The expansion positions Hillside as the leader in the middle market, the 25-and-over age, mid-price point, Shular said. “We service everybody from families to seniors to teens to children.”

Not only has the mall increased its offerings, with more to come, it has made big changes to its external infrastructure, something she called the “sustainability of the new Hillside.”

More trees, greenery and rain gardens, the use of permeable paving materials, and the installation of an underground collection system to prevent leaked vehicle fluids from entering the Bowker Creek watershed – all contribute to the greening of the shopping centre.

“We even have 12 car chargers on site,” Shular said.

While the major project was planned and started before the mall was sold last year to Bentall Kennedy, Hillside’s original developer back in 1969, the new owners will be looking to the mix of 100-plus tenants to spur a solid return on their investment over the long term.

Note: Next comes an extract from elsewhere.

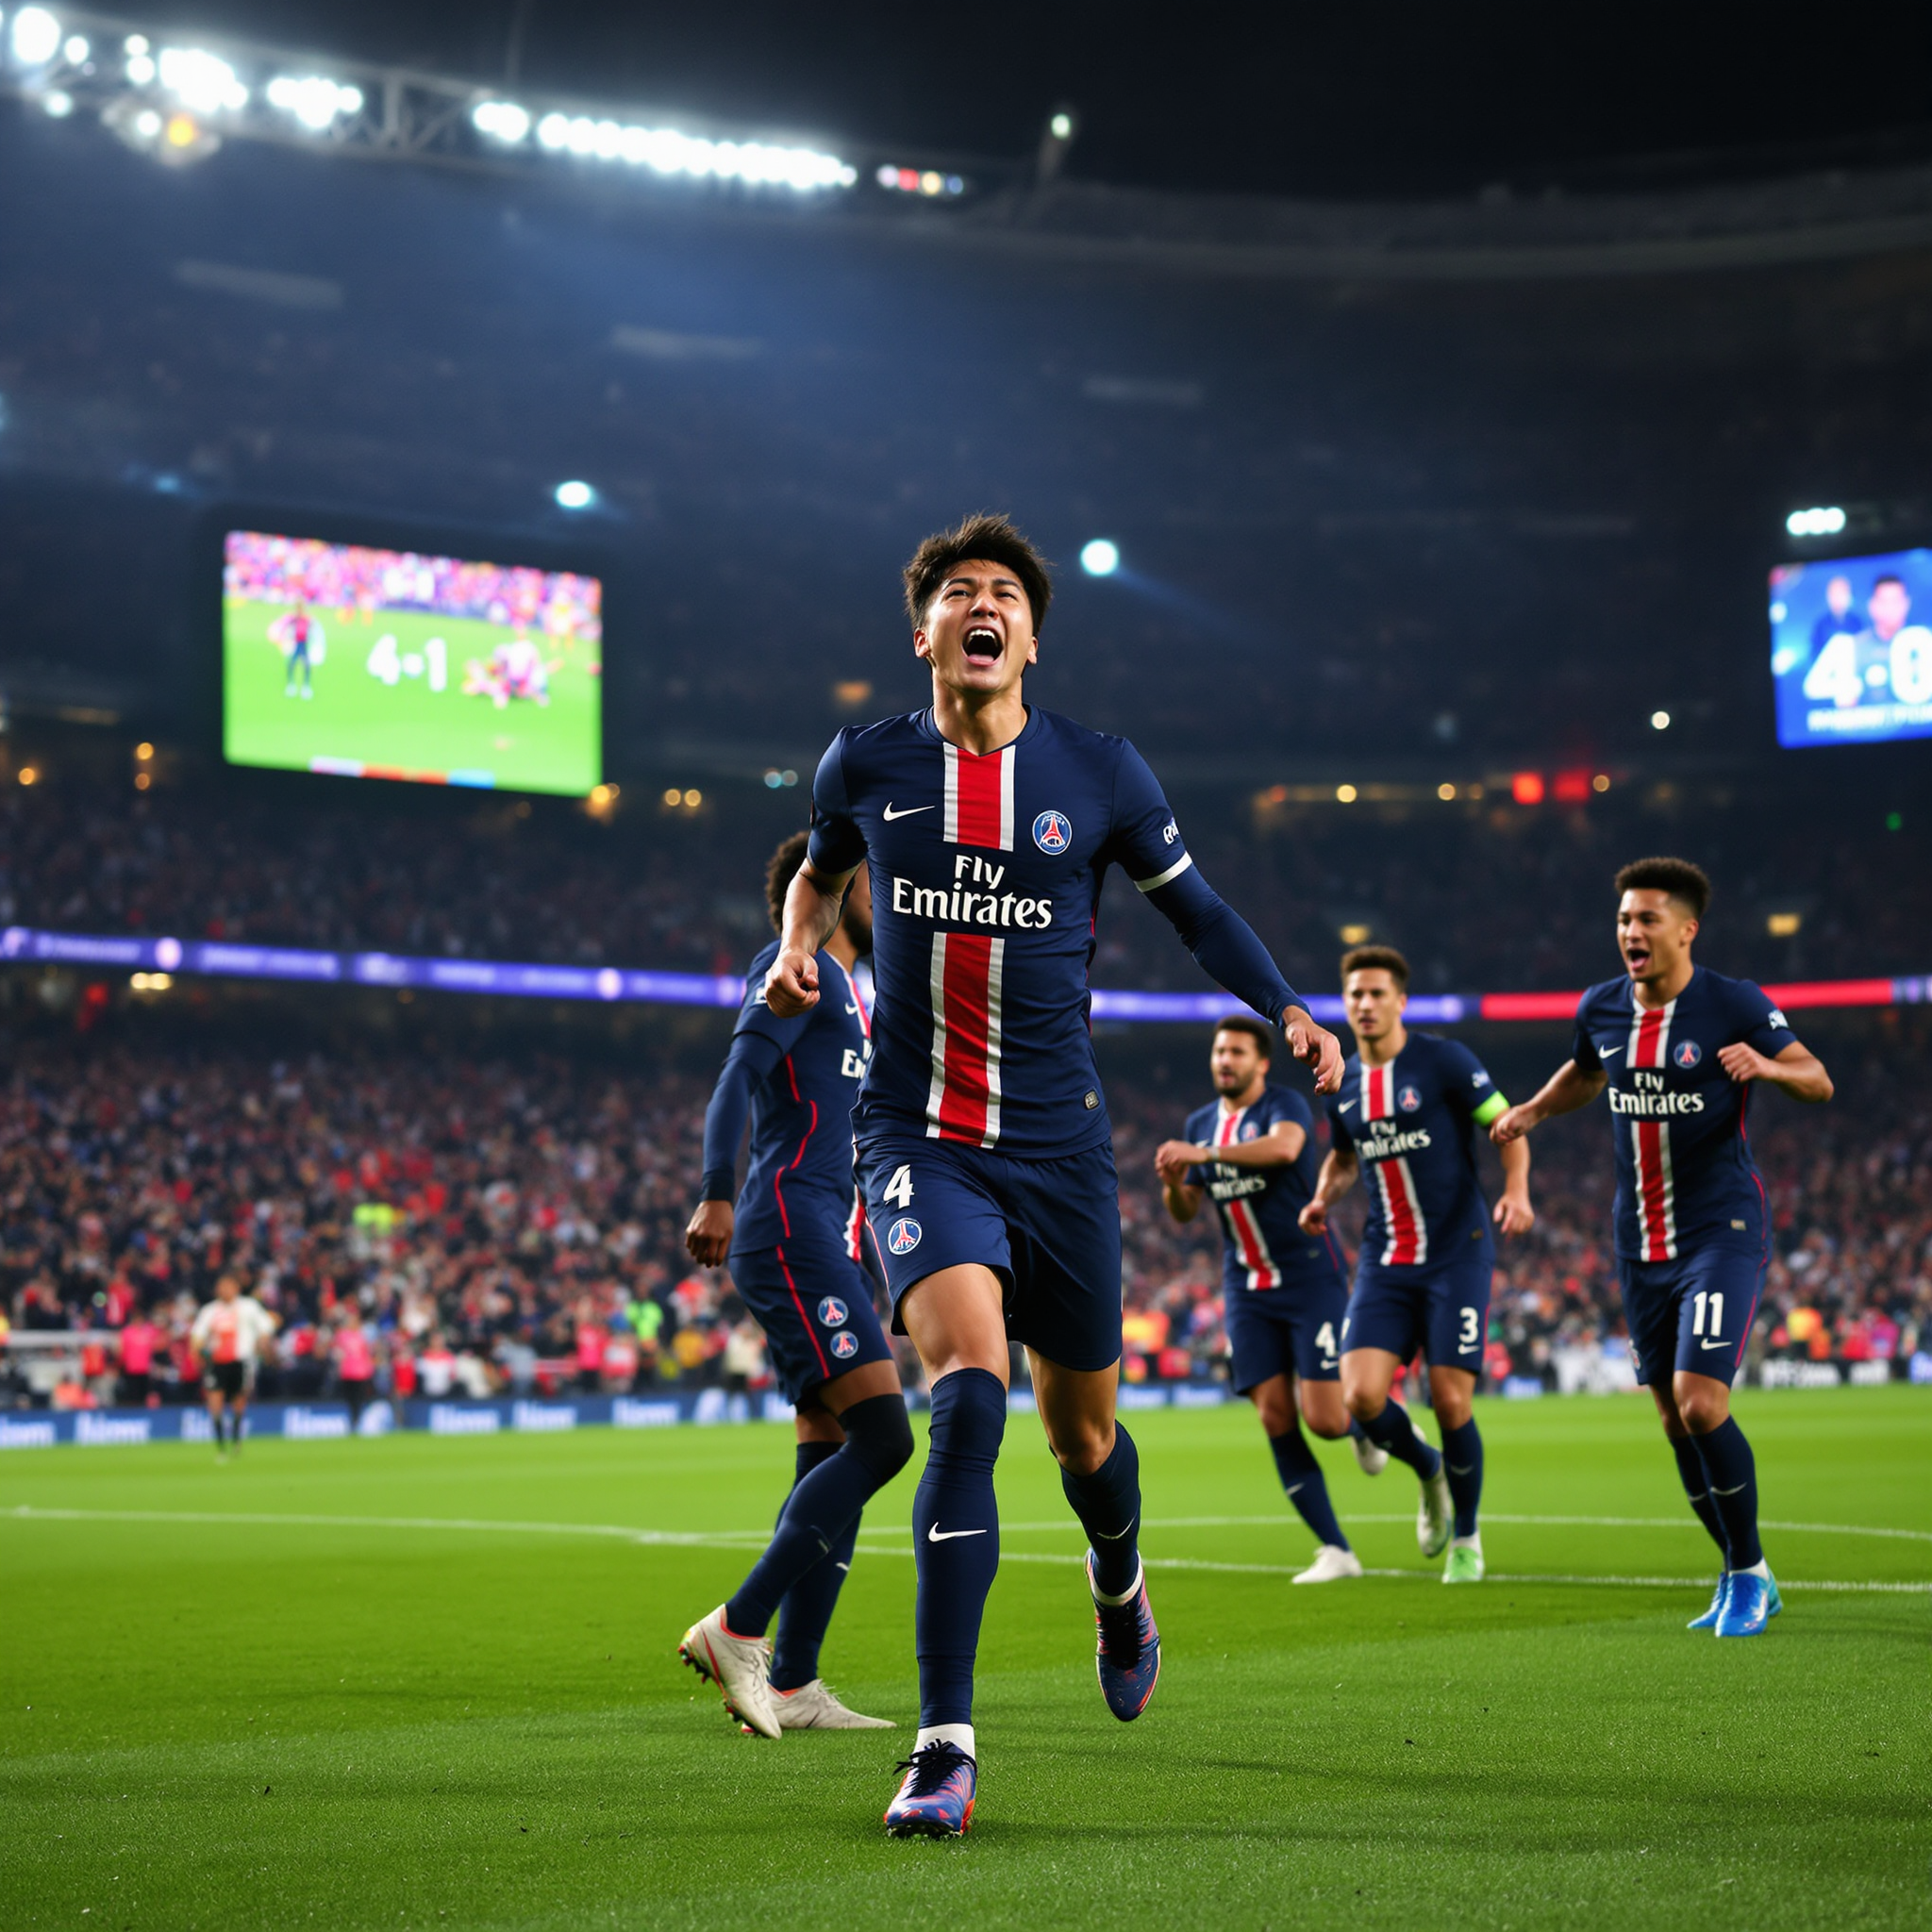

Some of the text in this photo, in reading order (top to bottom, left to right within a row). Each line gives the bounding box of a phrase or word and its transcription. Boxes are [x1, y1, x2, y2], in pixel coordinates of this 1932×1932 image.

Charity focus for local merchants

Vancouver Island Construction Association’s U40 Network raised more than $8,500 for street community supporter Dandelion Society, at a Casino Royale night Jan. 30. The young construction leaders annually pick a charity to support with their fundraising efforts … You still have time to donate your gently used jeans to a local shelter through Warehouse One – The Jean Store. The retailer, with stores in Hillside Centre, Millstream Village and Tillicum Centre, will give customers 20 per cent off purchases with the donation of two or more pairs of jeans through Feb. 9 … Reps from Monk Office Supply presented a cheque for $800 to the Mustard Seed, donated at its stores before Christmas.

New businesses offer international flair

A pair of new businesses downtown are bringing international flavour to the city.

Raj Gupta’s Saaz Restaurant and Lounge, tucked inside in a heritage building at 103-535 Yates St., offers Indian food with specialities like butter chicken, Dosa crepes and Tandoori dishes. A short walk away at 1210 Broad St., Katrina Ulasovska’s Domani Fashion presents women’s clothing, shoes and handbags from Italy.

West Shore operations certifiable green

Eight private and public organizations on the West Shore have earned Vancouver Island Green Business Certification distinction.They are City of Colwood (municipal hall), Royal Bay Bakery, Forester’s Bistro and Bar, Growlies for Pets, Farley Martin Notaries Public, Stephen Whipp Financial, Caring for First Nations Children Society and Oak Bay Bicycles.

Who’s making waves on the business front

The Shaw Ocean Discovery Centre in Sidney has named Alison Barratt its new executive director, replacing outgoing founding director Angus Matthews. Barratt brings 12 years of experience working with ocean conservation to the job, including nearly a decade at the renowned Monterey Bay Aquarium in Monterey, Calif. … West Shore Chamber of Commerce unveiled its new board of directors recently, with retired aerospace engineer and Bitez Sandwich Bar owner Doug Kobayashi at the helm as president. Others on the board executive are Ken Taylor, Dana Boutin and Robert Potier, and newly installed directors are Scia’new First Nation treaty negotiator Henry Chipps, lawyer Shelly Quinte and realtor Brad McLaren.